Recent reports in The New York Times, Washington Post, and other national media shed light on a troubling phenomenon: law firms complaining about the quality of education received by students at top law schools. The concerns are real, although some law professors argue that “neither law students nor law schools can preserve their own future simply by better learning how to serve the corporate interests.” Firms claim that law students are not prepared to perform basic tasks such as drafting contracts, negotiating mergers, and other key features of law practice.
A few law professor bloggers claim the most recent, hotly debated article by David Segal, “What They Don’t Teach Law Students: Lawyering,” misses the point, is hyperbolic, or “part of a neo-liberal ideology developing at the Times.”
However, Segal can hardly be considered the most scrutinizing or only critic of contemporary legal education. A 2007 report issued by the Carnegie Foundation for the Advancement of Teaching was a clarion call in the legal academy as it urged law schools to place greater emphasis on practical skills. To their credit law schools paid attention. More recently, Congress and the American Bar Association have turned their attention to allegations that law schools inflate job-placement data.
But, these issues are complex and not accurately answered by conflations on either side. For example, law schools do a fairly good job of teaching students how to reason, fostering critical thinking, and equipping them with analytical skills, which are not a feature of a typical undergraduate education, but are foundational for the practice of law.
That said, law student performance post-law school, including job placement, has as much to do with law-student performance in law school, and significantly with their preparation prior to law school. Here, grades are not the only factors. By placing the greatest emphasis on standardized testing success in K-12 learning, we emphasize rote memorization rather than real knowledge or engaged learning. This pattern continues with the SAT and LSAT. Thus, what bloggers and critics fail to understand is how law schools are a link in a longer education process.

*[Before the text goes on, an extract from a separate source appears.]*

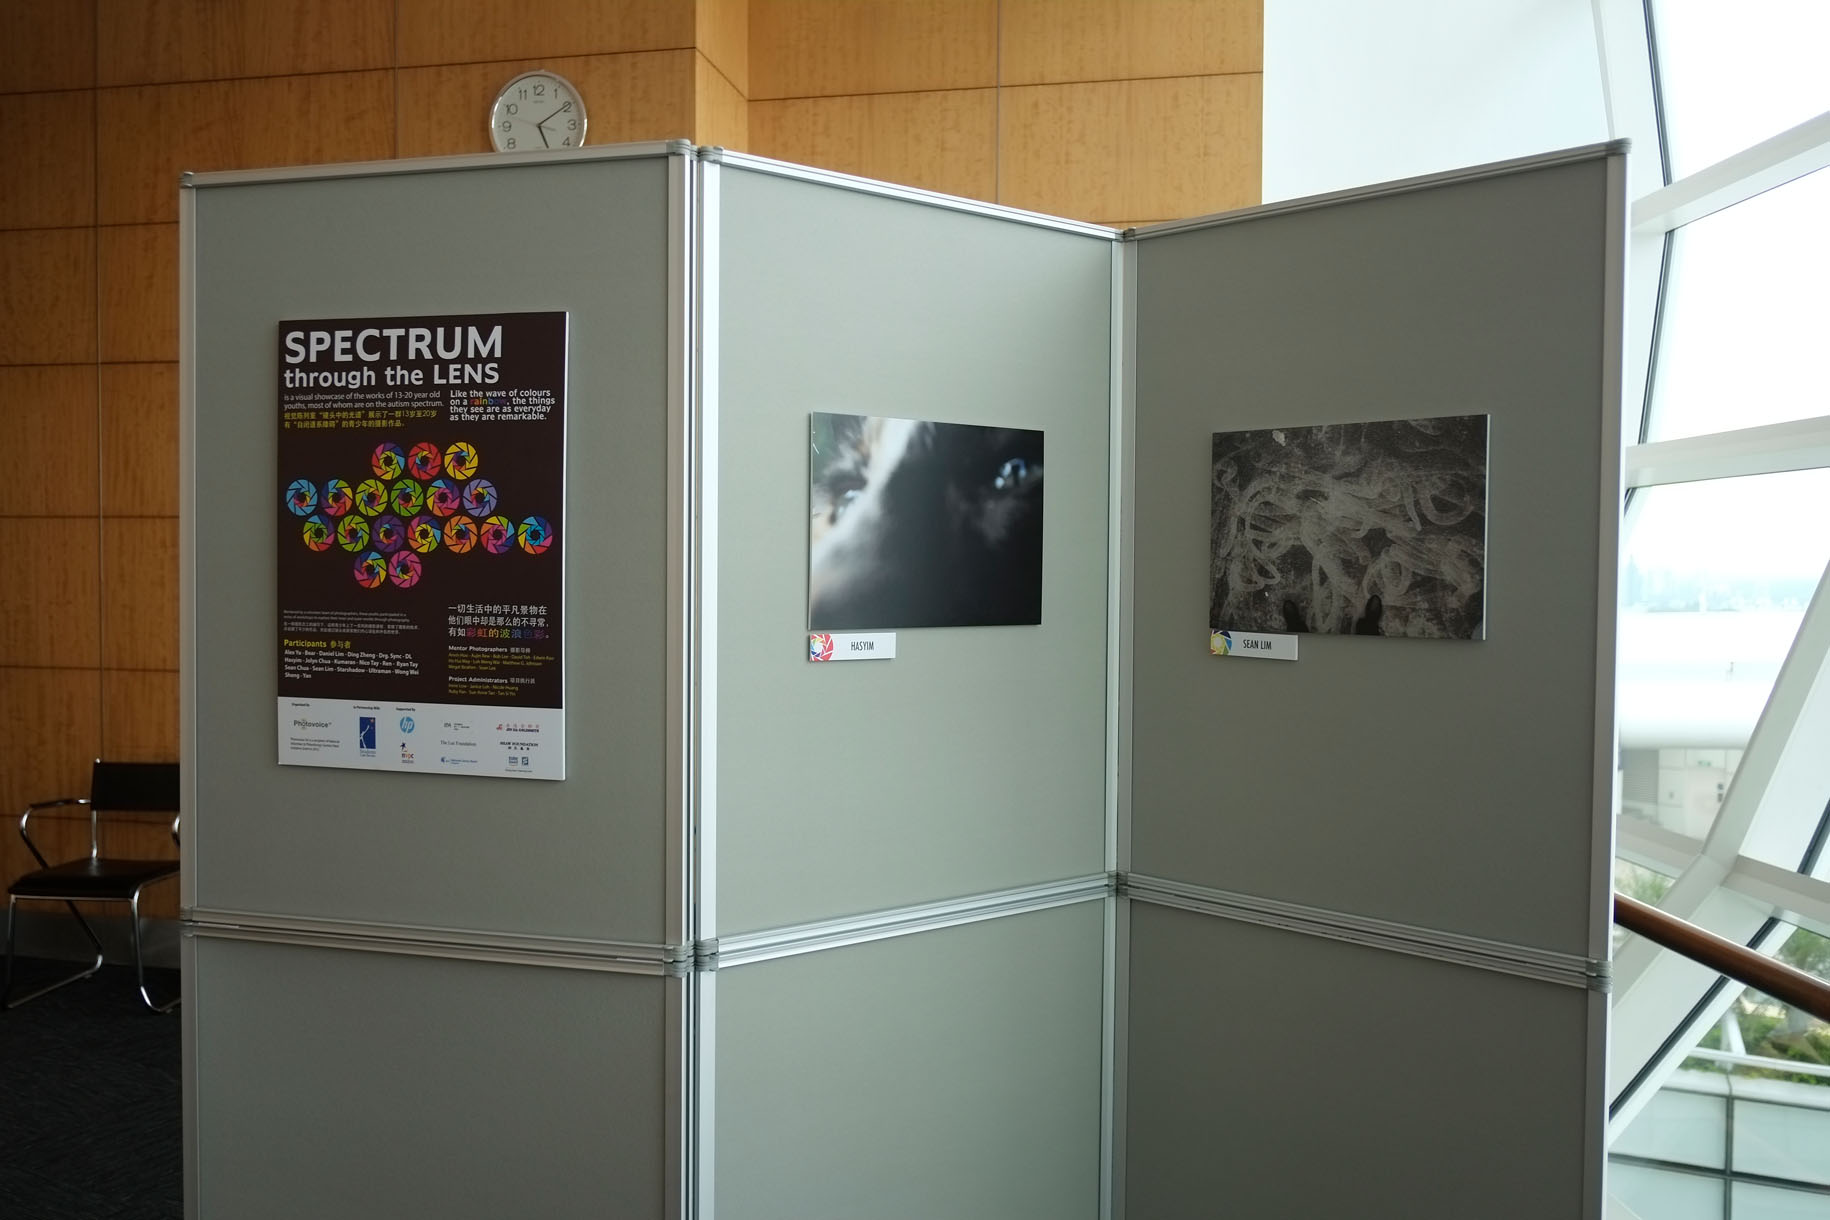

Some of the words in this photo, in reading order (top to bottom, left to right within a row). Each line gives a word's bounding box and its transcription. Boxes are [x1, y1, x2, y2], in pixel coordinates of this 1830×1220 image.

High tuition is another culprit. Students less geared for the study of law do not voluntarily leave after the first semester as happened in prior generations. Years ago, students could afford to leave. But, the amount of investment (tuition) is different today and turning away from their investment is a tough call, especially in a difficult job market. But, remaining in law school and floating by does not make for good lawyers. Years ago, efforts were made to help students realize this, but not so in current economic times.
Finally, pandering to US News & World Report—the magazine law school deans love to hate—creates other dysfunctions and externalities in how students are recruited, who is recruited, and who is left out. The magazine places high value on LSAT scores in calculating its ranking of law schools, and in turn law schools become complicit in building classes with the highest LSAT scores, but with little if any attention to entrants’ judgment, critical thinking and reasoning, maturity, capacity for the study of law, comportment, and integrity. Northwestern University School of Law is one of the few in the country that has an interview process for its applicants and leans significantly toward admitting students only after full-time work experience.
An Education Week article framed it this way, “it appears that standardized-test results are positively correlated with a shallow approach to learning.” Stephen Dubner of Freakonomics fame, observes: “tests have increasingly come to be seen as a ritualized burden that encourages rote learning at the expense of good thinking.” That assessment is confirmed by empirical data, including a study published in the Journal of Educational Psychology, which characterized the learning of high test performers as “superficially engaged.” The students are not to blame, but it does mean that law teaching now involves shaping learning for a generation that has been encouraged to memorize rather than engage in critical thinking.
A clinical law professor at a top-30 law school recently confided that he has to teach his law students how to write business letters, because they simply lack that skill. His students scored very well on the LSAT, but lack some of the basic skills that high-school students possessed three generations prior. The solution is not to do away with standardized testing, but rather, to understand how the culture of learning at law schools is shaped by multiple dynamics.